Neste artigo, falaremos sobre a importância de desenvolver e potencializar o desempenho da liderança juvenil. Confira!

Qual é a importância de desenvolver jovens líderes?

Lapidar um diamante bruto para torná-lo uma joia bela e valiosa é um trabalho que exige esforço. Normalmente, a pedra passa por três etapas: a clivagem, o bloqueamento e o abrilhamento. Em alguns casos, o lapidário pode levar até um ano nesse processo. É dessa forma que nascem os brilhantes mais caros do mundo.

De maneira similar, os jovens talentos são as joias que uma organização possui no seu time interno. Embora valiosos, eles precisam ser lapidados para atingirem todo o seu potencial. Esse desenvolvimento não ocorre rapidamente e nem pode ser automatizado por ferramentas virtuais. Pelo contrário, exige um aperfeiçoamento cuidadoso e caprichoso feito pelos gestores mais experientes.

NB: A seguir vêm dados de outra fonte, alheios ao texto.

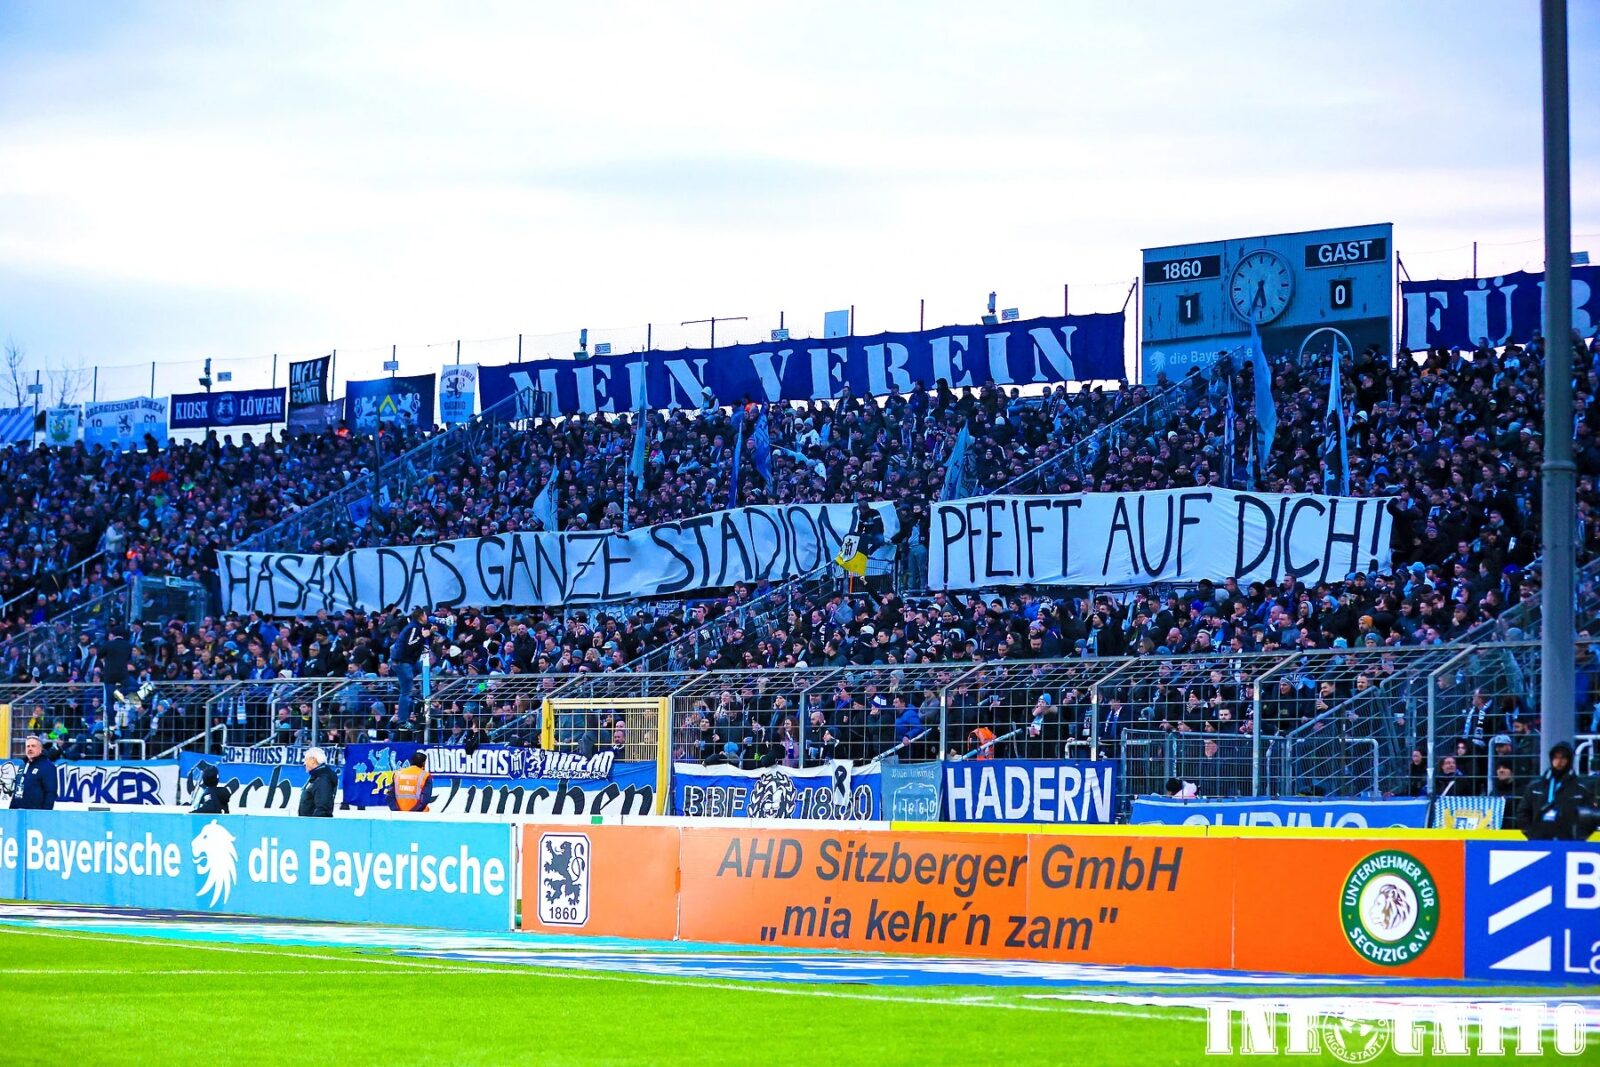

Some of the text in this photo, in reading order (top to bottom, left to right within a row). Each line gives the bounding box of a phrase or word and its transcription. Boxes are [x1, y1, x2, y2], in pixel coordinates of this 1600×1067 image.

[1318, 241, 1373, 263] GAST
[1162, 260, 1202, 280] 1860
[1185, 300, 1192, 319] 1
[1335, 285, 1346, 305] 0
[509, 326, 1078, 421] MEIN VEREIN
[1169, 352, 1188, 365] die
[175, 401, 209, 420] KIOSK
[240, 396, 282, 416] LÖWEN
[939, 493, 1387, 583] PFEIFT AUF DICH!
[223, 504, 860, 615] HASAN DAS GANZE STADION
[222, 746, 245, 763] 50+1
[249, 746, 282, 764] MUSS
[56, 762, 163, 806] ACKER
[683, 785, 747, 818] BBF
[948, 766, 1113, 823] HADERN
[26, 829, 182, 880] Bayerische
[248, 837, 505, 897] die Bayerische
[716, 838, 1184, 898] AHD Sitzberger GmbH
[1345, 855, 1435, 908] UNTERNEHMER FÜR
[548, 906, 578, 922] 1860
[1349, 927, 1408, 962] SECHZIG
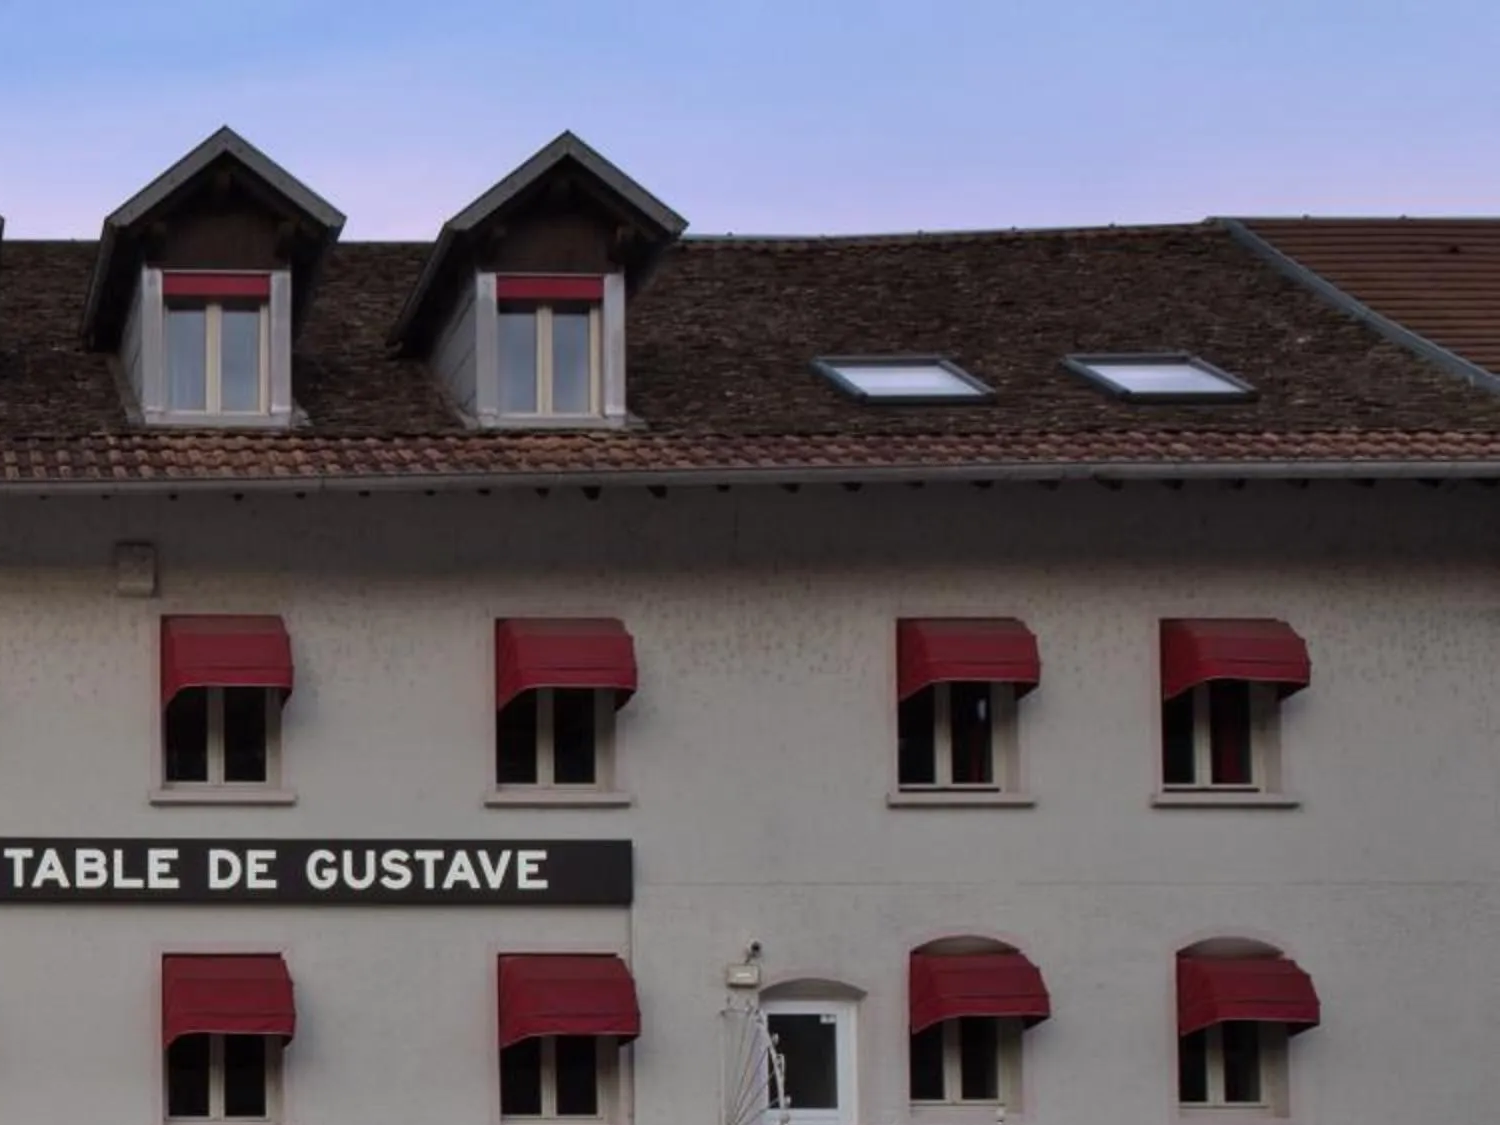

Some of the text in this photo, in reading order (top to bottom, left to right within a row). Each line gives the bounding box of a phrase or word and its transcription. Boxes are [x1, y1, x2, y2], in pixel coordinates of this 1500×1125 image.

[3, 847, 180, 889] TABLE
[208, 848, 278, 890] DE
[305, 848, 549, 891] GUSTAVE

A importância de oferecer um programa sólido de treinamento para os colaboradores de alto desempenho foi apresentada no livro “Recursos Humanos – edição compacta 2001”, do renomado autor Idalberto Chiavenato. Essa obra mostra que os talentos que integram o capital humano de uma empresa precisam ser mantidos e desenvolvidos, uma vez que são também o capital intelectual do negócio.

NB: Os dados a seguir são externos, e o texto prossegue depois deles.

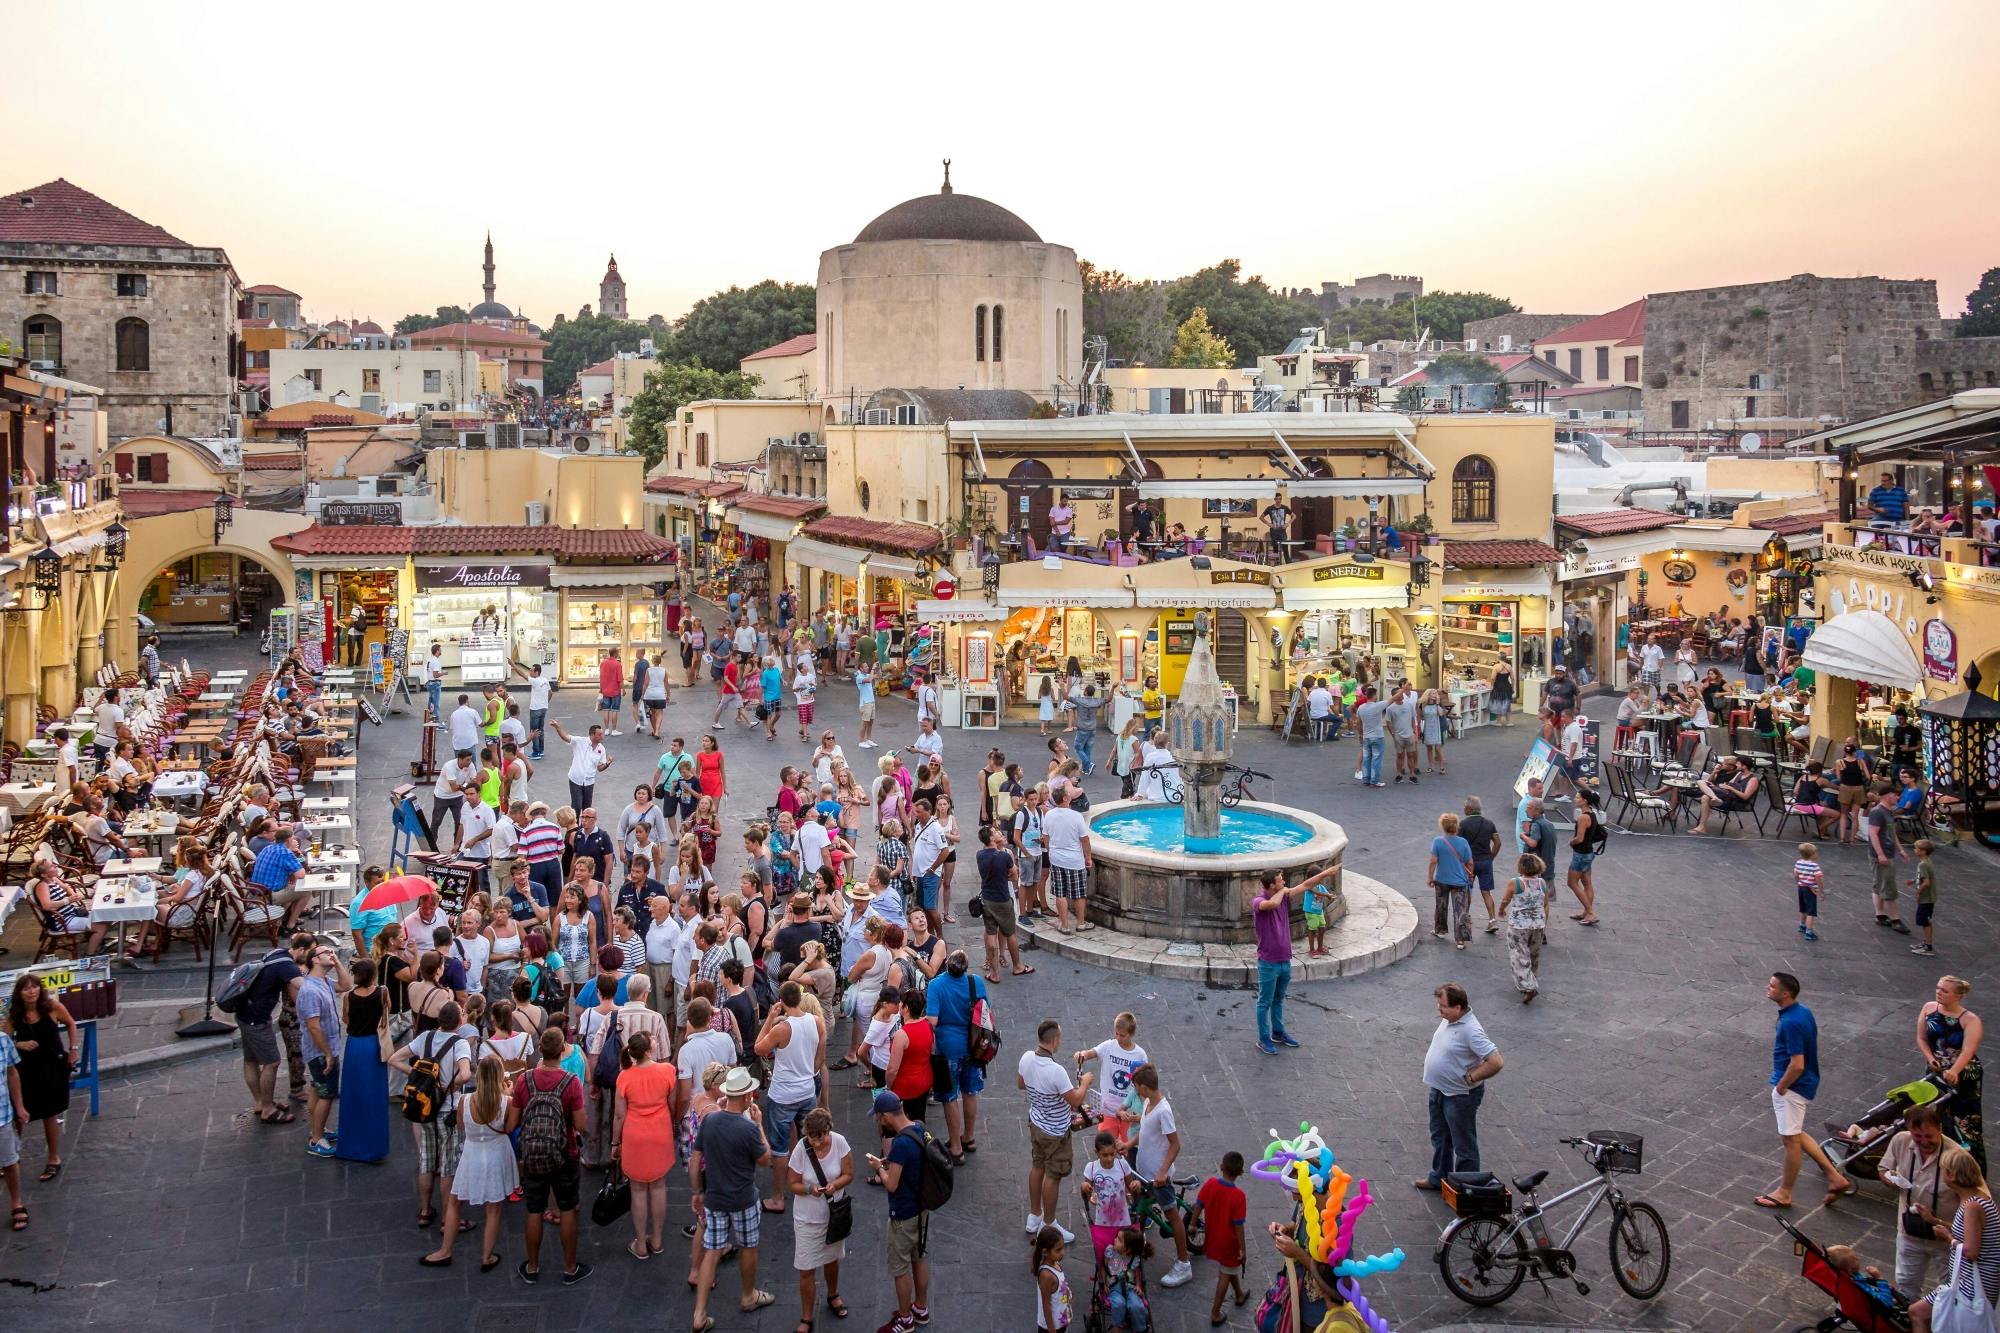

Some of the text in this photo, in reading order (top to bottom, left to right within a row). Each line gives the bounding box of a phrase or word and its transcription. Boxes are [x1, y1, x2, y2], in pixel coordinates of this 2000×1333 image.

[1829, 547, 1923, 573] GREEK STEAK HOUSE
[444, 565, 521, 586] Apostolia
[1329, 566, 1368, 577] NEFELI
[1044, 598, 1088, 606] stigma
[1154, 598, 1251, 607] stigma interfurs

Vendo por esse ângulo apontado por Idalberto Chiavenato, percebemos que a posteridade da empresa depende da prática de treinar os jovens talentos da liderança. Pois esse grupo ajudará a organização no seu posicionamento no mercado em que atua, visto que representam a inteligência estratégica da organização.

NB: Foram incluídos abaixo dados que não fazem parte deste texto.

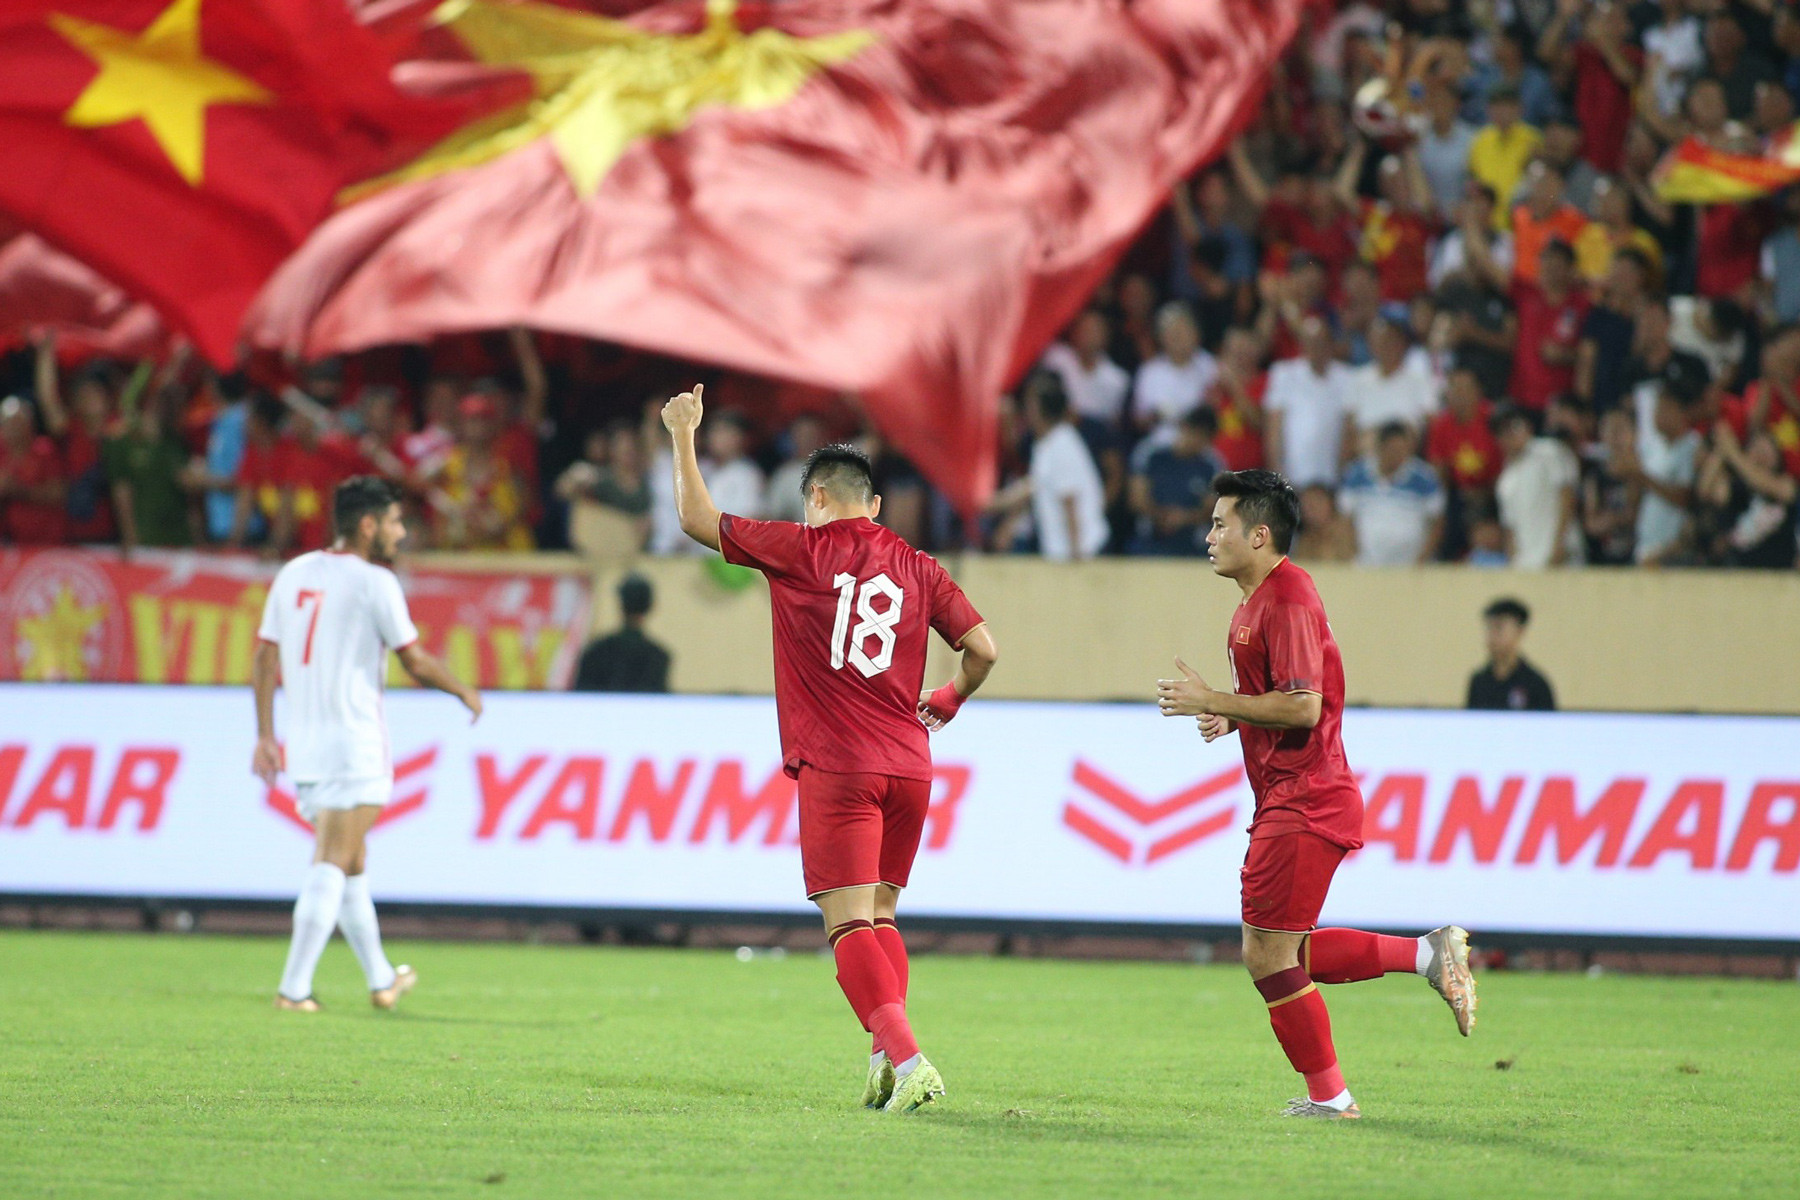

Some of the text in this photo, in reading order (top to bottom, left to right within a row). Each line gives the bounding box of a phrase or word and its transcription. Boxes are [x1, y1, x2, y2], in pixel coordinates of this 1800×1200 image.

[296, 588, 323, 665] 7
[830, 571, 904, 679] 18
[473, 754, 971, 851] YANMR
[1342, 773, 1800, 873] ANMAR

Além disso, eles serão responsáveis pela construção do norte, ou seja, qual direção o negócio deve tomar em um mundo corporativo cada vez mais tecnológico e competitivo. Outro aspecto que demonstra o valor de ter e desenvolver jovens líderes é garantir a sua permanência dentro da empresa.

Atualmente, as organizações estão em uma espécie de “caça-talentos”. Para ganharem essa batalha pelas joias do mundo corporativo, investem na construção de um ambiente interno que atraia os olhares da juventude. Entre as práticas mais implantadas está um plano de carreira voltado para o desenvolvimento de competências e com os degraus da progressão bem evidentes.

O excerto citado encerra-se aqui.